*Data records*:
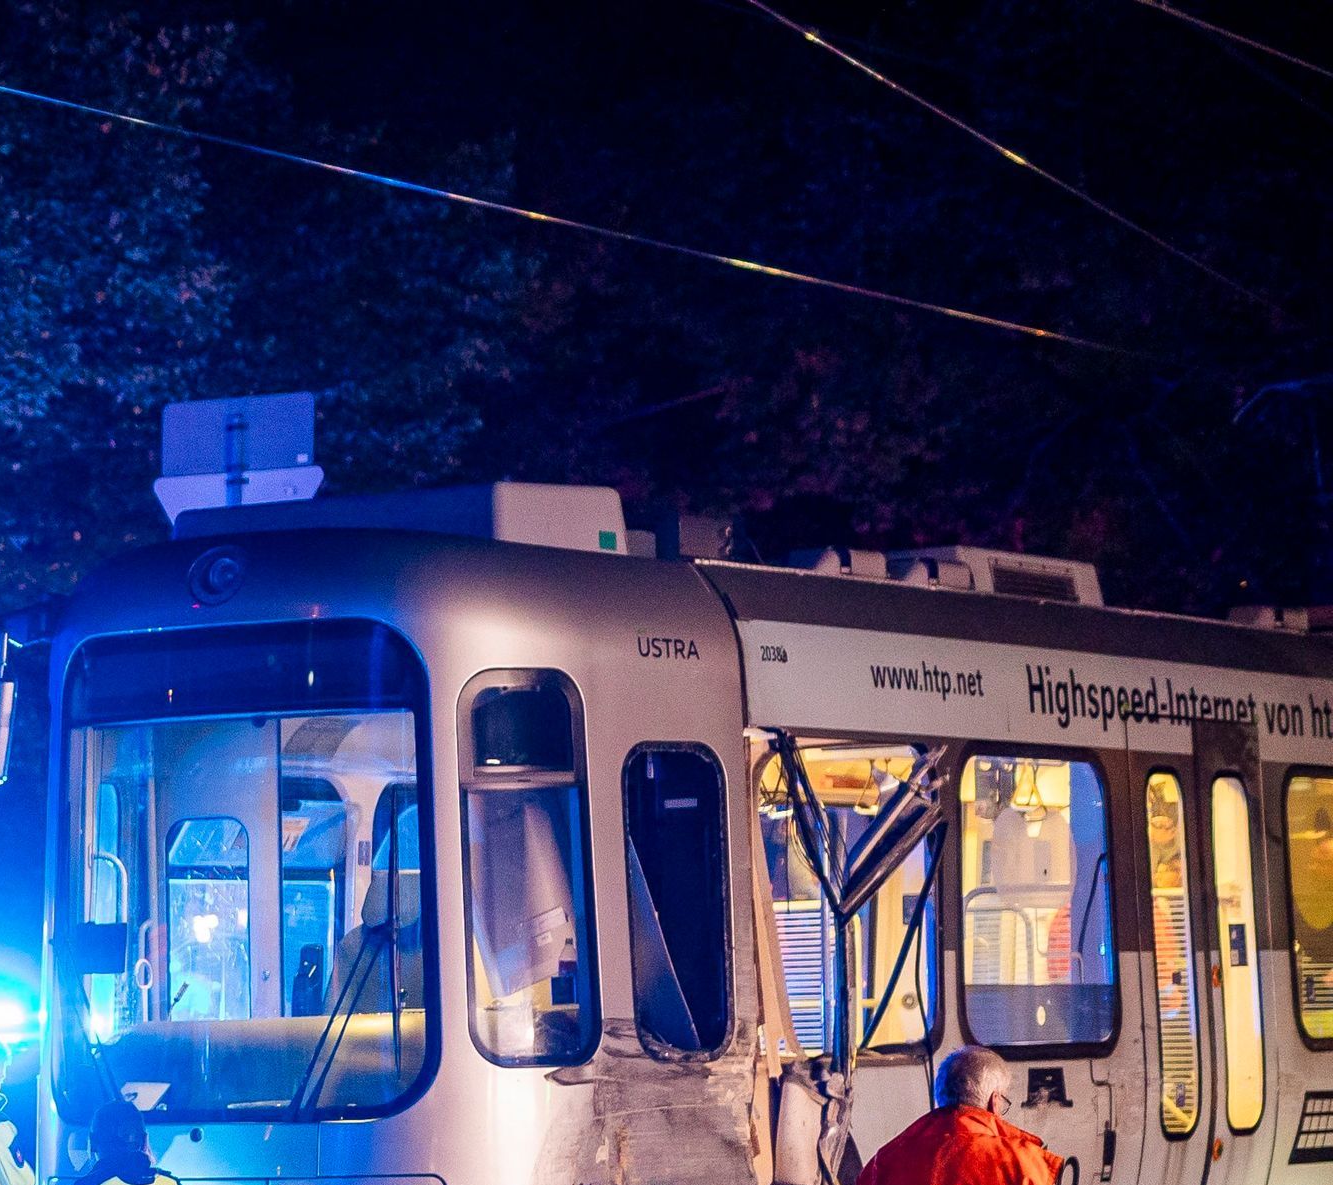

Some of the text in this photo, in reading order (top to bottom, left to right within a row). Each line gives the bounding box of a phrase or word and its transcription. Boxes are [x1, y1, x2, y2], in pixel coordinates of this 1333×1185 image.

[870, 661, 984, 701] www.htp.net
[1025, 663, 1257, 731] Highspeed-Internet
[1264, 701, 1304, 737] von
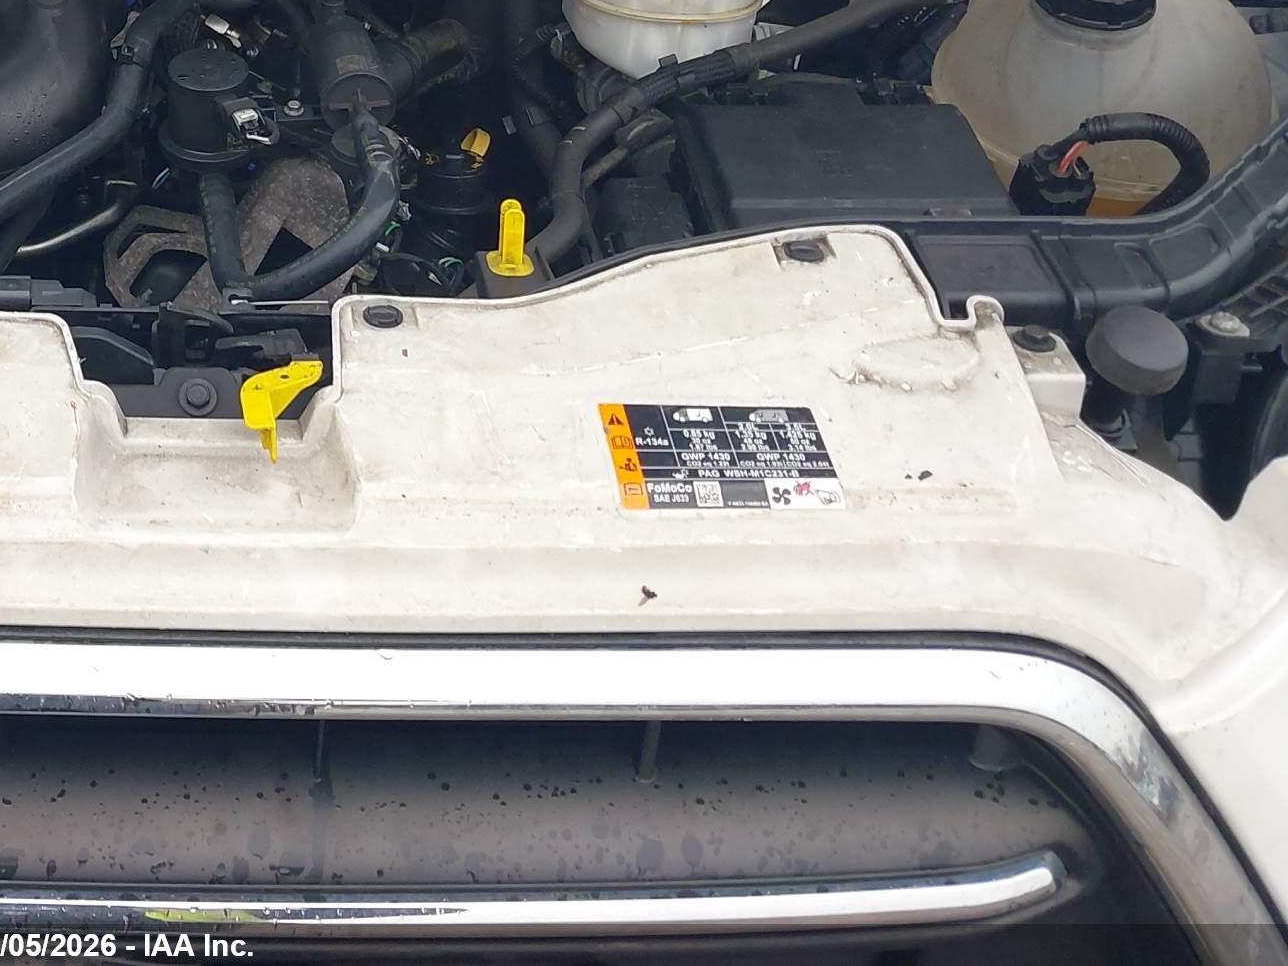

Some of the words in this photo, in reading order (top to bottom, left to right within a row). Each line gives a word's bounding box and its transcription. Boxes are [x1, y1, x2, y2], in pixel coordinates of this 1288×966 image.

[635, 436, 669, 446] R-134a
[682, 452, 705, 461] GWP
[707, 452, 731, 461] 1430
[756, 452, 780, 461] GWP
[783, 452, 806, 461] 1430
[698, 469, 720, 478] PAG
[646, 482, 692, 493] FoMoCo
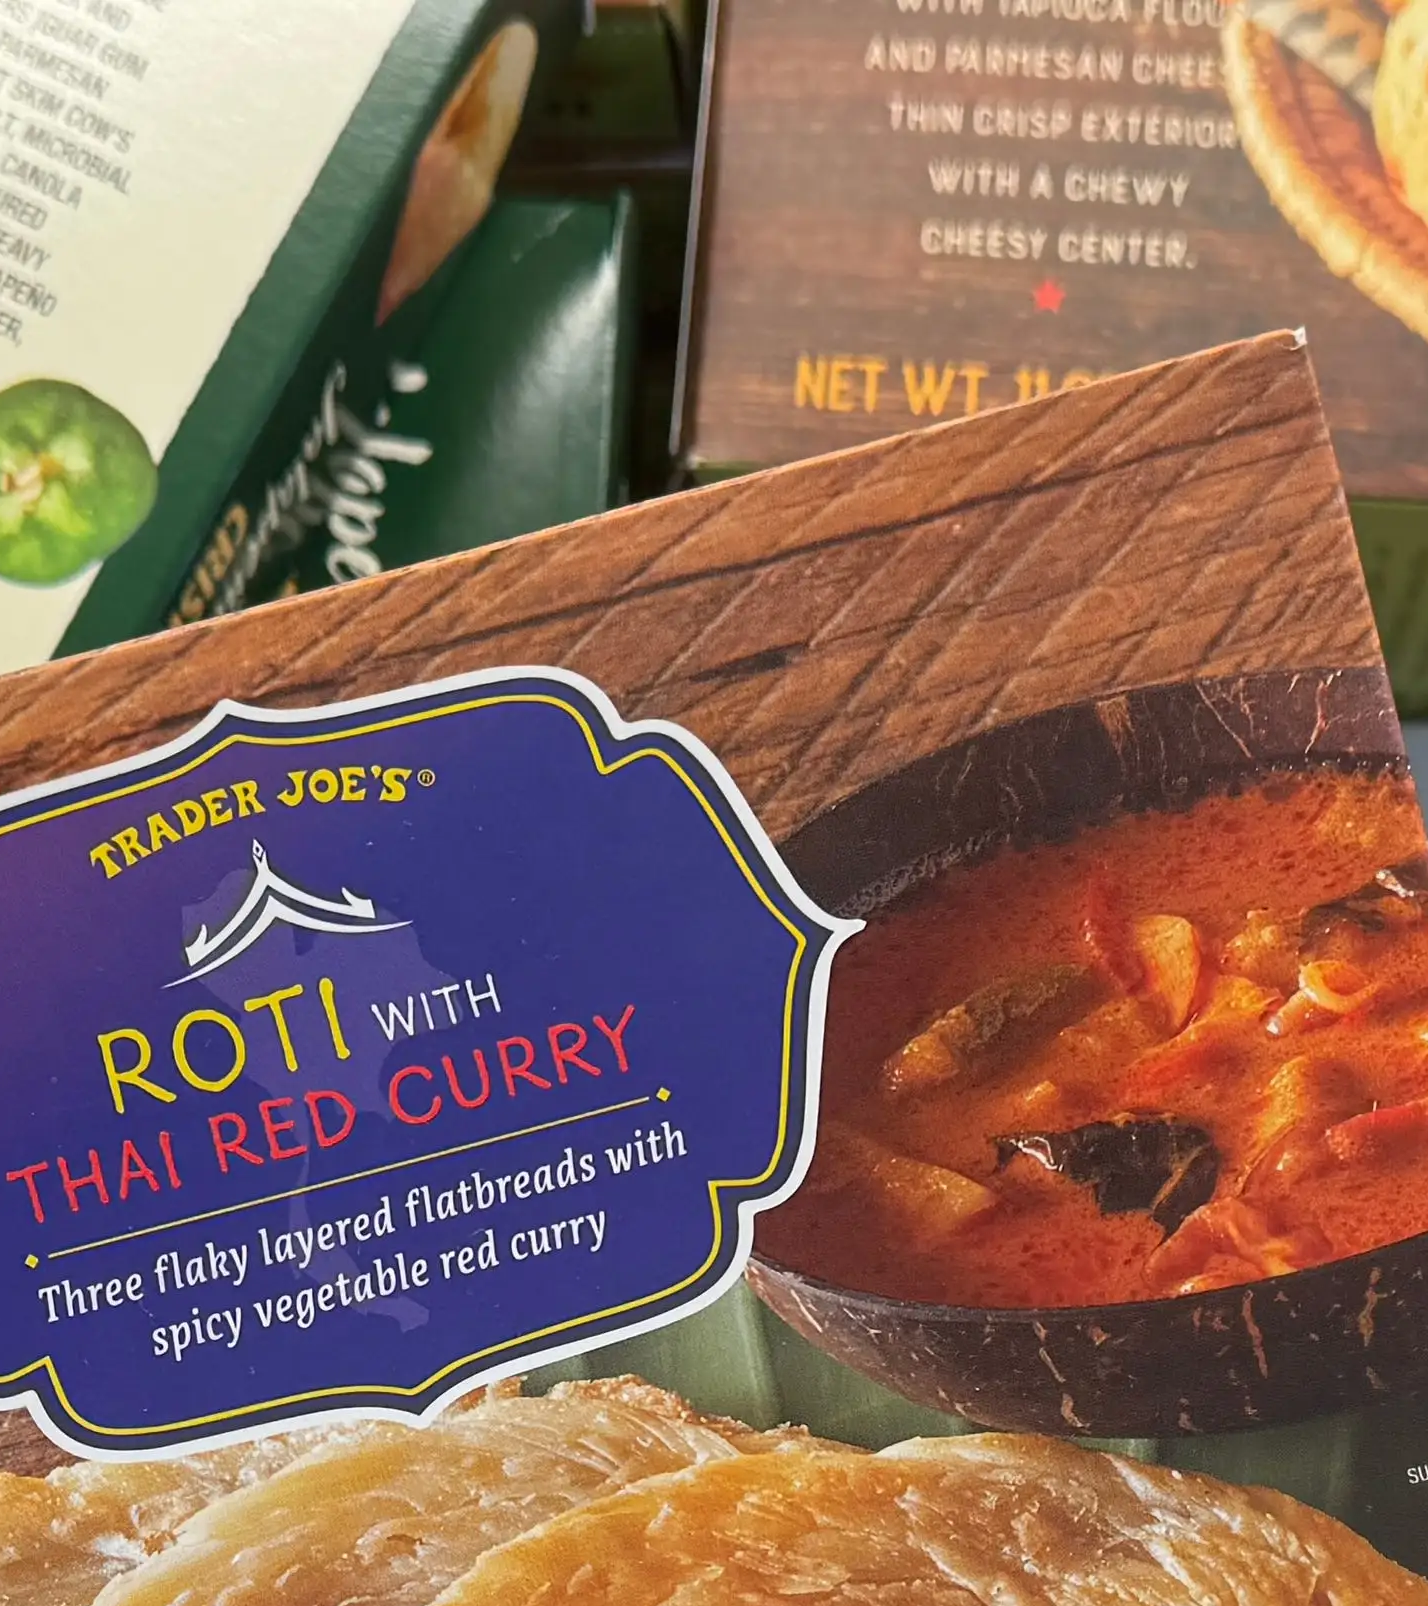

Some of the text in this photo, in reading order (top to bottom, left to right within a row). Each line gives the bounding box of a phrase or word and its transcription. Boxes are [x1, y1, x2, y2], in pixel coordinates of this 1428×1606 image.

[866, 36, 1123, 83] AND PARMESAN
[887, 97, 964, 134] THIN
[972, 99, 1072, 140] CRISP
[929, 160, 1190, 207] WITH A CHEWY
[920, 221, 1197, 269] CHEESY CENTER.
[794, 352, 888, 412] NET
[89, 780, 265, 878] TRADER
[98, 973, 501, 1113] ROTI WITH
[7, 1006, 634, 1223] THAI RED CURRY
[38, 1121, 688, 1323] Three flaky layered flatbreads with
[152, 1210, 605, 1362] spicy vegetable red curry

*Problem description*:
Your answer must be the records above, copied exactly, with no pictures.

*Answer to this task*:
Some of the text in this photo, in reading order (top to bottom, left to right within a row). Each line gives the bounding box of a phrase or word and its transcription. Boxes are [x1, y1, x2, y2], in pixel coordinates of this 1333×1185 image.

[870, 661, 984, 701] www.htp.net
[1025, 663, 1257, 731] Highspeed-Internet
[1264, 701, 1304, 737] von

Some of the words in this photo, in reading order (top to bottom, left to right within a row). Each line gives a word's bounding box and its transcription. Boxes are [x1, y1, x2, y2], in pixel coordinates of this 1288×966 image.

[635, 436, 669, 446] R-134a
[682, 452, 705, 461] GWP
[707, 452, 731, 461] 1430
[756, 452, 780, 461] GWP
[783, 452, 806, 461] 1430
[698, 469, 720, 478] PAG
[646, 482, 692, 493] FoMoCo

Some of the text in this photo, in reading order (top to bottom, left to right within a row). Each line gives the bounding box of a phrase or word and its transcription. Boxes are [x1, y1, x2, y2], in pixel coordinates of this 1428×1606 image.

[866, 36, 1123, 83] AND PARMESAN
[887, 97, 964, 134] THIN
[972, 99, 1072, 140] CRISP
[929, 160, 1190, 207] WITH A CHEWY
[920, 221, 1197, 269] CHEESY CENTER.
[794, 352, 888, 412] NET
[89, 780, 265, 878] TRADER
[98, 973, 501, 1113] ROTI WITH
[7, 1006, 634, 1223] THAI RED CURRY
[38, 1121, 688, 1323] Three flaky layered flatbreads with
[152, 1210, 605, 1362] spicy vegetable red curry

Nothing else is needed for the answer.